++++ THE DATA ++++

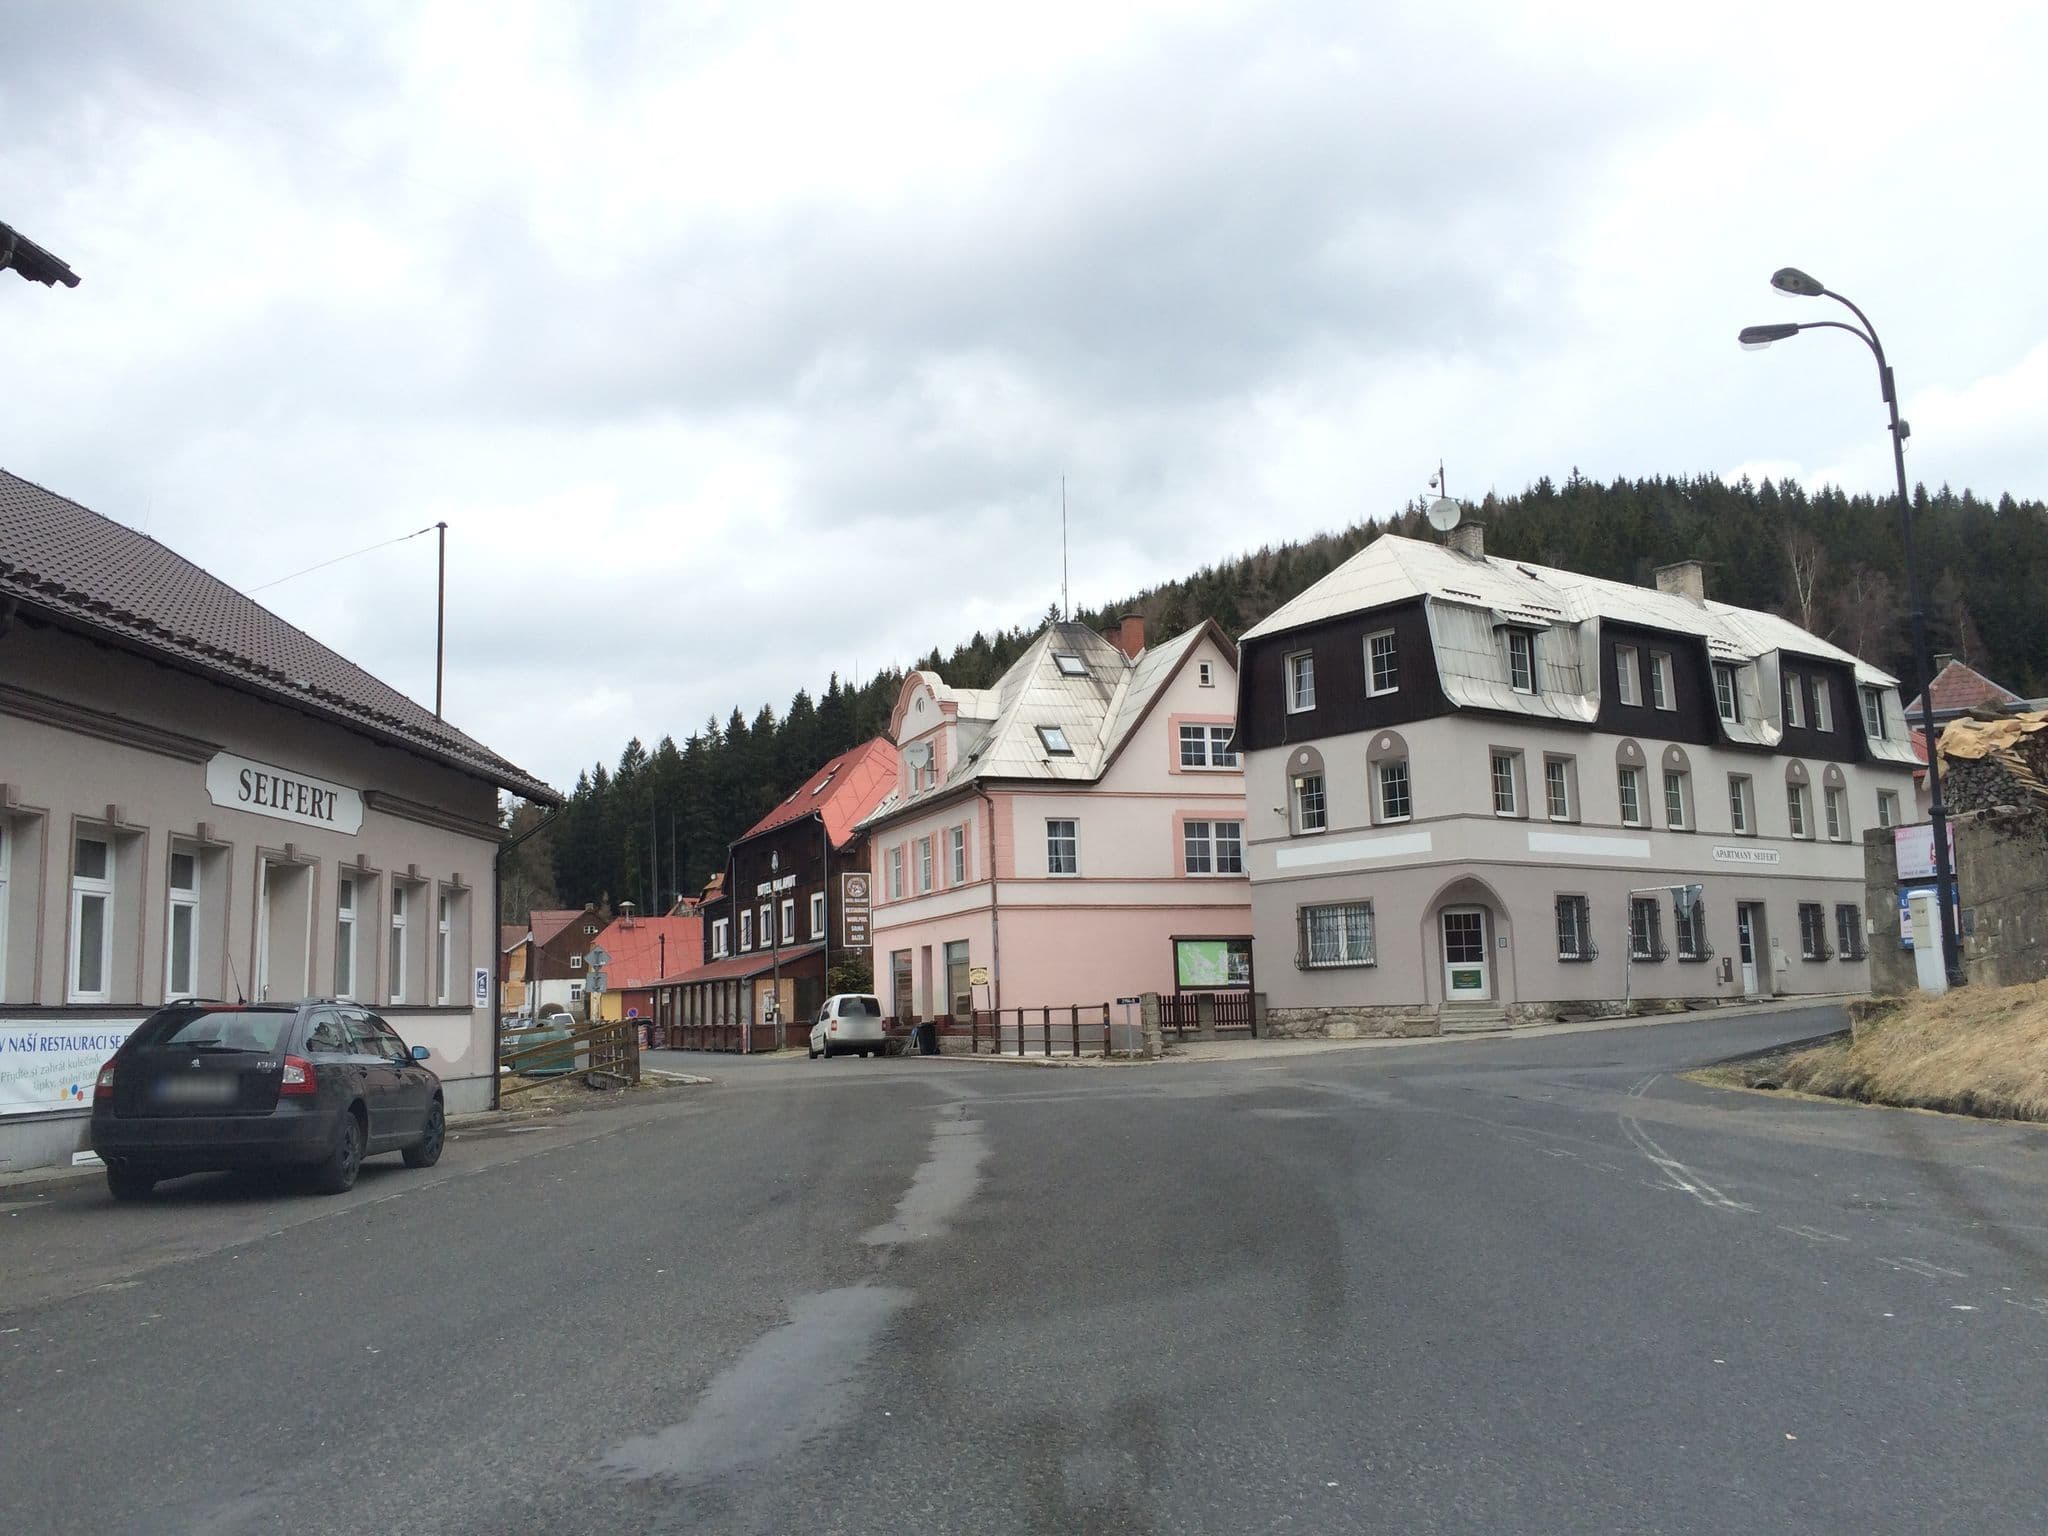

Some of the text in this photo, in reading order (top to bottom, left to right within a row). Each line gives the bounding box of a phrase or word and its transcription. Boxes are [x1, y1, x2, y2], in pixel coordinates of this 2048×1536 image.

[238, 768, 338, 822] SEIFERT
[1716, 849, 1777, 862] APARTMANY SEIFERT
[8, 1032, 38, 1053] NAŠÍ
[40, 1035, 107, 1052] RESTAURACI
[110, 1035, 121, 1049] SE
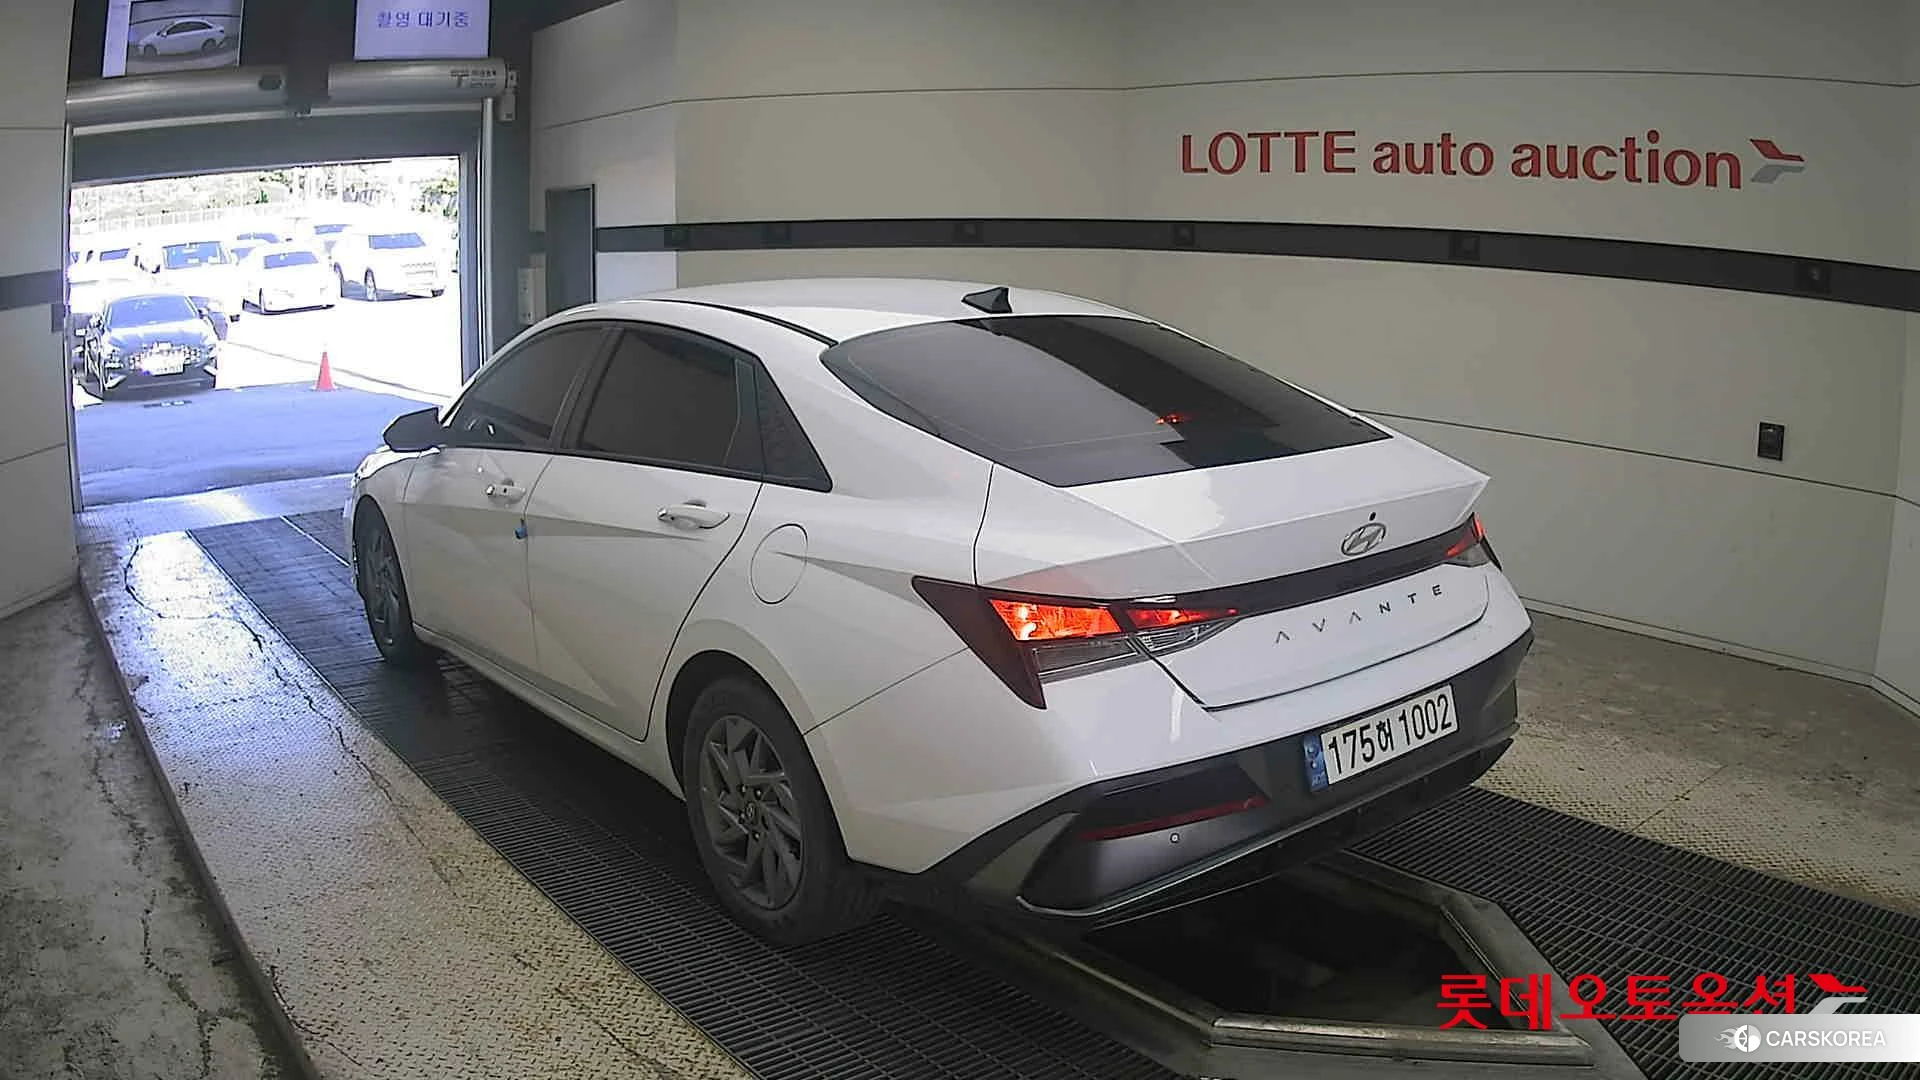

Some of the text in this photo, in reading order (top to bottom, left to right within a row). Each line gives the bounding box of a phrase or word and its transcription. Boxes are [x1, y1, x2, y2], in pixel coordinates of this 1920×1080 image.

[417, 10, 469, 28] 대기중
[1181, 129, 1742, 189] LOTTE auto auction
[1275, 584, 1443, 644] AVANTE
[1328, 693, 1452, 774] 175허 1002
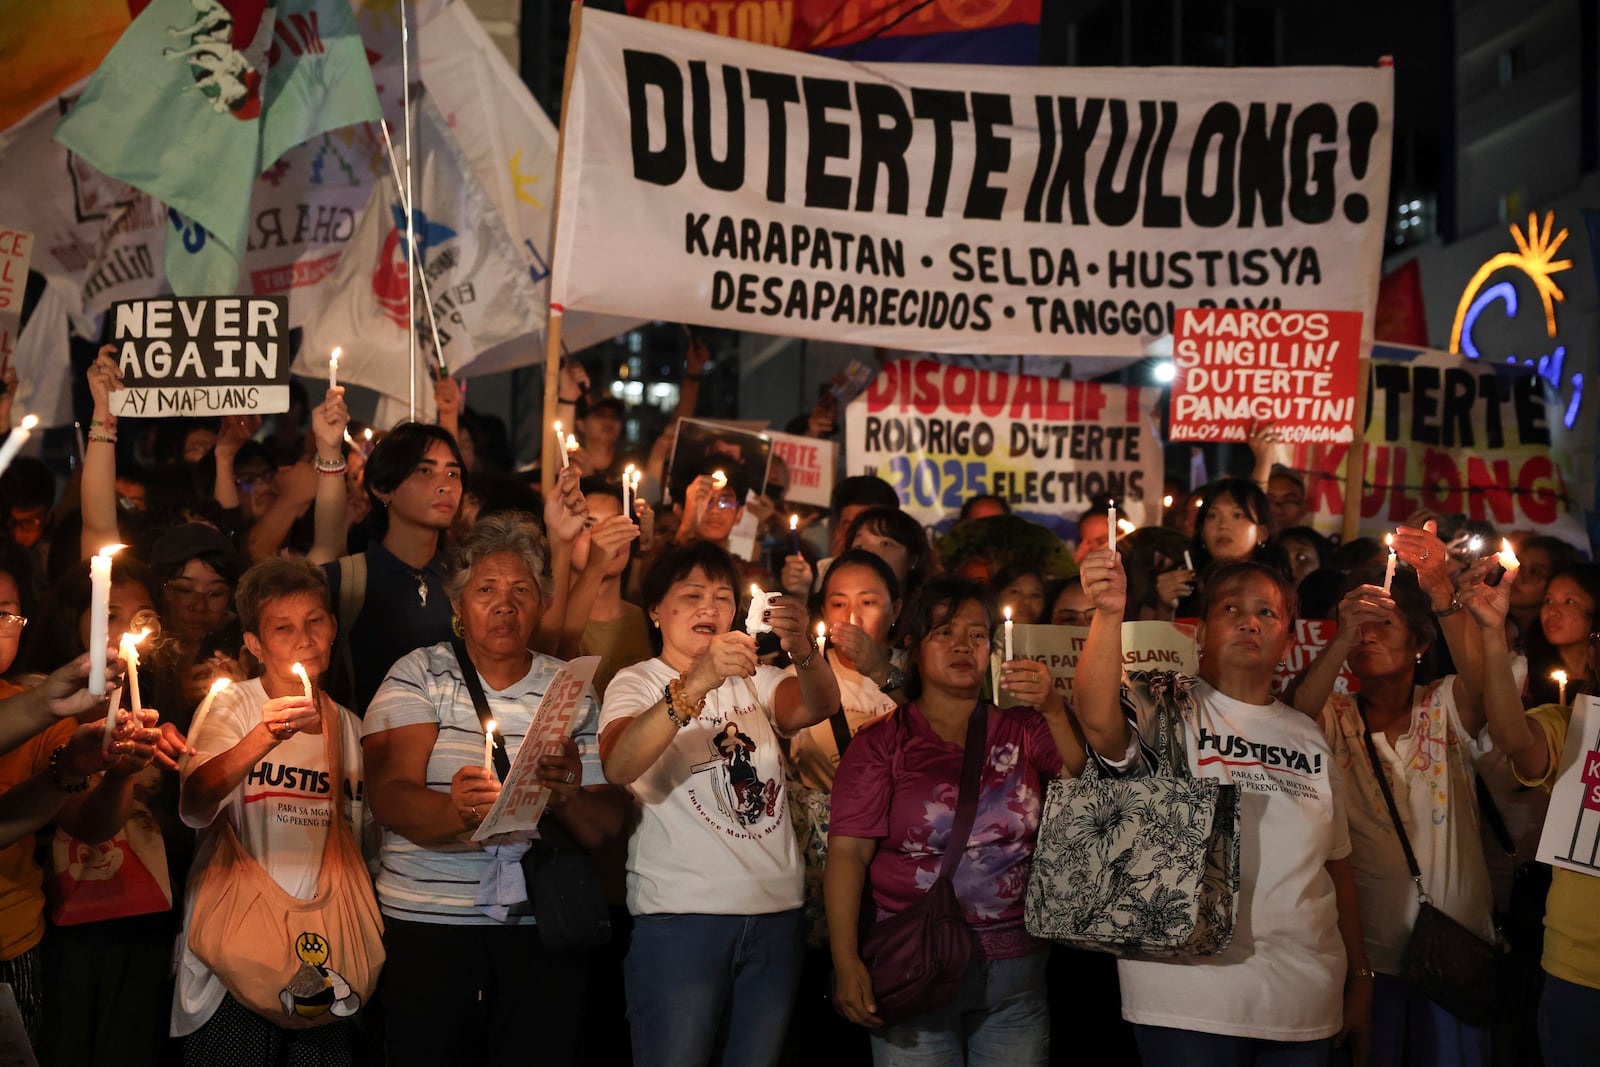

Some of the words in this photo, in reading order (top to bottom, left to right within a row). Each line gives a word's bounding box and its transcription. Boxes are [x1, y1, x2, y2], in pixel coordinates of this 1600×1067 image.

++++

[TASK DETAILS]
Everything in the records must be returned exactly, except the pictures.

[REPLY TO THE EXERCISE]
Some of the text in this photo, in reading order (top to bottom, left to right within a row). Each line gives the bounding box of a phrase or word and its transcription. Boxes are [x1, y1, x2, y2], in pixel coordinates of this 2048×1536 image.

[238, 768, 338, 822] SEIFERT
[1716, 849, 1777, 862] APARTMANY SEIFERT
[8, 1032, 38, 1053] NAŠÍ
[40, 1035, 107, 1052] RESTAURACI
[110, 1035, 121, 1049] SE

Some of the text in this photo, in reading order (top to bottom, left to right within a row). Each line gives the bounding box of a phrase or word and its transcription. Boxes are [x1, y1, x2, y2], in pixel coordinates of this 1920×1080 image.

[417, 10, 469, 28] 대기중
[1181, 129, 1742, 189] LOTTE auto auction
[1275, 584, 1443, 644] AVANTE
[1328, 693, 1452, 774] 175허 1002

Some of the words in this photo, in reading order (top to bottom, left to right within a row). Each line gives a word's bounding box and its transcription. Boxes are [x1, y1, x2, y2], in pixel coordinates of this 1600×1067 image.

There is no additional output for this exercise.